> About this task:
Please write out the data that follows, word for word.

> Input records:
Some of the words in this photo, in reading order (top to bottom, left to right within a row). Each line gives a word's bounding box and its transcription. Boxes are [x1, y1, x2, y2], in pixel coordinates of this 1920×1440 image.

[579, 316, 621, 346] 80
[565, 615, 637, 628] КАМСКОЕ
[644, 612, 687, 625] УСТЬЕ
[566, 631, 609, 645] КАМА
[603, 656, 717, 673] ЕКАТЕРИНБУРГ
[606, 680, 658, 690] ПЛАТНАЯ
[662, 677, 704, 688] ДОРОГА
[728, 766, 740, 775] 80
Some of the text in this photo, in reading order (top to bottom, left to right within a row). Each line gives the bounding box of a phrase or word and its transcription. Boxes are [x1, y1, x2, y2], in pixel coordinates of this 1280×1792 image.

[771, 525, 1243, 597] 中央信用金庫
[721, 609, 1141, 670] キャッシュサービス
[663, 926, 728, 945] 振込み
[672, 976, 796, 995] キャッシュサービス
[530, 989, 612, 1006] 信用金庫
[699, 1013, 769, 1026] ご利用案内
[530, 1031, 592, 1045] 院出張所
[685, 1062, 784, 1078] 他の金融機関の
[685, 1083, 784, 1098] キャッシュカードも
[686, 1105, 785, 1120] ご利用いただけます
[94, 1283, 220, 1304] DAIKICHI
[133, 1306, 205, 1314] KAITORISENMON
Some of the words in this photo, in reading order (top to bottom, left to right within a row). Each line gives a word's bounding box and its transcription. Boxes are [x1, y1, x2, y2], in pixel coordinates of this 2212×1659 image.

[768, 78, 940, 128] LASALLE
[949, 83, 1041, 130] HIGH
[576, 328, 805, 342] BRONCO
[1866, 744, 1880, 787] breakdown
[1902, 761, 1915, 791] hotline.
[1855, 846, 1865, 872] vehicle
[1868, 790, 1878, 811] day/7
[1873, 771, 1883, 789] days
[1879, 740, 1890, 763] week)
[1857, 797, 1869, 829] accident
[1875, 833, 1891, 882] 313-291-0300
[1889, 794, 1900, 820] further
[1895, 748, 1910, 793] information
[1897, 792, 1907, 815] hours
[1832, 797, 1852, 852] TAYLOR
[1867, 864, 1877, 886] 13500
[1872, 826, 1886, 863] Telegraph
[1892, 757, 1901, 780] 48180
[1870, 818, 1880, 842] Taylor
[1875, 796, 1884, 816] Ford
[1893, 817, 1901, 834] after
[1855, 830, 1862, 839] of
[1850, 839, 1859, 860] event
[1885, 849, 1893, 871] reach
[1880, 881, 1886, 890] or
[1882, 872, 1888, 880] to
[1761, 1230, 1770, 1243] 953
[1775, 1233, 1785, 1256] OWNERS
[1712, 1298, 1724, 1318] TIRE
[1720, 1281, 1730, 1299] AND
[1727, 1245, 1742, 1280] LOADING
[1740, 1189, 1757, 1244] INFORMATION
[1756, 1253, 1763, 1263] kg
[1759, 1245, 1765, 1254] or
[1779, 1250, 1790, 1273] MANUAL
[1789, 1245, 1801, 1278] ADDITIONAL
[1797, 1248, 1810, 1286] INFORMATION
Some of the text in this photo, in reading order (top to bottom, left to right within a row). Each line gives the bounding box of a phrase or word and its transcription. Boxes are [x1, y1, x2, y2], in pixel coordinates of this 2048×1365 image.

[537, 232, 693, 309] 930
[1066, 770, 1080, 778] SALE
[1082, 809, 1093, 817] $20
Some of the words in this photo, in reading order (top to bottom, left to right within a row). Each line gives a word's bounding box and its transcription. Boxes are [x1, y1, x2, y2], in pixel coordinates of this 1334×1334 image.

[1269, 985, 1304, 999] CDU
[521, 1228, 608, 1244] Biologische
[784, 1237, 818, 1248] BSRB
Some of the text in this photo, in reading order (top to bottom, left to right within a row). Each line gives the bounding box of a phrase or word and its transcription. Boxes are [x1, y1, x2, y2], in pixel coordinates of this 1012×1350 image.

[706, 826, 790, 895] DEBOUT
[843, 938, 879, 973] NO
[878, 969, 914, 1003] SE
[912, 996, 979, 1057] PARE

> Exercise output:
Some of the words in this photo, in reading order (top to bottom, left to right within a row). Each line gives a word's bounding box and its transcription. Boxes are [x1, y1, x2, y2], in pixel coordinates of this 1920×1440 image.

[579, 316, 621, 346] 80
[565, 615, 637, 628] КАМСКОЕ
[644, 612, 687, 625] УСТЬЕ
[566, 631, 609, 645] КАМА
[603, 656, 717, 673] ЕКАТЕРИНБУРГ
[606, 680, 658, 690] ПЛАТНАЯ
[662, 677, 704, 688] ДОРОГА
[728, 766, 740, 775] 80
Some of the text in this photo, in reading order (top to bottom, left to right within a row). Each line gives the bounding box of a phrase or word and its transcription. Boxes are [x1, y1, x2, y2], in pixel coordinates of this 1280×1792 image.

[771, 525, 1243, 597] 中央信用金庫
[721, 609, 1141, 670] キャッシュサービス
[663, 926, 728, 945] 振込み
[672, 976, 796, 995] キャッシュサービス
[530, 989, 612, 1006] 信用金庫
[699, 1013, 769, 1026] ご利用案内
[530, 1031, 592, 1045] 院出張所
[685, 1062, 784, 1078] 他の金融機関の
[685, 1083, 784, 1098] キャッシュカードも
[686, 1105, 785, 1120] ご利用いただけます
[94, 1283, 220, 1304] DAIKICHI
[133, 1306, 205, 1314] KAITORISENMON
Some of the words in this photo, in reading order (top to bottom, left to right within a row). Each line gives a word's bounding box and its transcription. Boxes are [x1, y1, x2, y2], in pixel coordinates of this 2212×1659 image.

[768, 78, 940, 128] LASALLE
[949, 83, 1041, 130] HIGH
[576, 328, 805, 342] BRONCO
[1866, 744, 1880, 787] breakdown
[1902, 761, 1915, 791] hotline.
[1855, 846, 1865, 872] vehicle
[1868, 790, 1878, 811] day/7
[1873, 771, 1883, 789] days
[1879, 740, 1890, 763] week)
[1857, 797, 1869, 829] accident
[1875, 833, 1891, 882] 313-291-0300
[1889, 794, 1900, 820] further
[1895, 748, 1910, 793] information
[1897, 792, 1907, 815] hours
[1832, 797, 1852, 852] TAYLOR
[1867, 864, 1877, 886] 13500
[1872, 826, 1886, 863] Telegraph
[1892, 757, 1901, 780] 48180
[1870, 818, 1880, 842] Taylor
[1875, 796, 1884, 816] Ford
[1893, 817, 1901, 834] after
[1855, 830, 1862, 839] of
[1850, 839, 1859, 860] event
[1885, 849, 1893, 871] reach
[1880, 881, 1886, 890] or
[1882, 872, 1888, 880] to
[1761, 1230, 1770, 1243] 953
[1775, 1233, 1785, 1256] OWNERS
[1712, 1298, 1724, 1318] TIRE
[1720, 1281, 1730, 1299] AND
[1727, 1245, 1742, 1280] LOADING
[1740, 1189, 1757, 1244] INFORMATION
[1756, 1253, 1763, 1263] kg
[1759, 1245, 1765, 1254] or
[1779, 1250, 1790, 1273] MANUAL
[1789, 1245, 1801, 1278] ADDITIONAL
[1797, 1248, 1810, 1286] INFORMATION
Some of the text in this photo, in reading order (top to bottom, left to right within a row). Each line gives the bounding box of a phrase or word and its transcription. Boxes are [x1, y1, x2, y2], in pixel coordinates of this 2048×1365 image.

[537, 232, 693, 309] 930
[1066, 770, 1080, 778] SALE
[1082, 809, 1093, 817] $20
Some of the words in this photo, in reading order (top to bottom, left to right within a row). Each line gives a word's bounding box and its transcription. Boxes are [x1, y1, x2, y2], in pixel coordinates of this 1334×1334 image.

[1269, 985, 1304, 999] CDU
[521, 1228, 608, 1244] Biologische
[784, 1237, 818, 1248] BSRB
Some of the text in this photo, in reading order (top to bottom, left to right within a row). Each line gives the bounding box of a phrase or word and its transcription. Boxes are [x1, y1, x2, y2], in pixel coordinates of this 1012×1350 image.

[706, 826, 790, 895] DEBOUT
[843, 938, 879, 973] NO
[878, 969, 914, 1003] SE
[912, 996, 979, 1057] PARE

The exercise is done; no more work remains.